▶ **Task to carry out**: Transcribe every line of the entries exactly.
[Information supplied Boundary: Start]
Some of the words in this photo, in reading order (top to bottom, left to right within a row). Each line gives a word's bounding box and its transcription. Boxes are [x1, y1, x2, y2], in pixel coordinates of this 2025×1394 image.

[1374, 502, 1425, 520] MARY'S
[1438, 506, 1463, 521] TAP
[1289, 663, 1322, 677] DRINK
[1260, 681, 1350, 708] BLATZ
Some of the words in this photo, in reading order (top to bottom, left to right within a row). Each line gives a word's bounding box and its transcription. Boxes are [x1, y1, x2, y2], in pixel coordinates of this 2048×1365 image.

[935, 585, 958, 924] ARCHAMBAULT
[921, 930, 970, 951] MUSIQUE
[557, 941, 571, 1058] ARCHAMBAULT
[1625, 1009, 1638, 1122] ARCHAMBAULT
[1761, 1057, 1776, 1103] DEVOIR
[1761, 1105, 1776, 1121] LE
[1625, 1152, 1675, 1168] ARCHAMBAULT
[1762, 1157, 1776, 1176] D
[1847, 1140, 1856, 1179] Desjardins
[Information supplied Boundary: End]
▶ **Your response**:
Some of the words in this photo, in reading order (top to bottom, left to right within a row). Each line gives a word's bounding box and its transcription. Boxes are [x1, y1, x2, y2], in pixel coordinates of this 2025×1394 image.

[1374, 502, 1425, 520] MARY'S
[1438, 506, 1463, 521] TAP
[1289, 663, 1322, 677] DRINK
[1260, 681, 1350, 708] BLATZ
Some of the words in this photo, in reading order (top to bottom, left to right within a row). Each line gives a word's bounding box and its transcription. Boxes are [x1, y1, x2, y2], in pixel coordinates of this 2048×1365 image.

[935, 585, 958, 924] ARCHAMBAULT
[921, 930, 970, 951] MUSIQUE
[557, 941, 571, 1058] ARCHAMBAULT
[1625, 1009, 1638, 1122] ARCHAMBAULT
[1761, 1057, 1776, 1103] DEVOIR
[1761, 1105, 1776, 1121] LE
[1625, 1152, 1675, 1168] ARCHAMBAULT
[1762, 1157, 1776, 1176] D
[1847, 1140, 1856, 1179] Desjardins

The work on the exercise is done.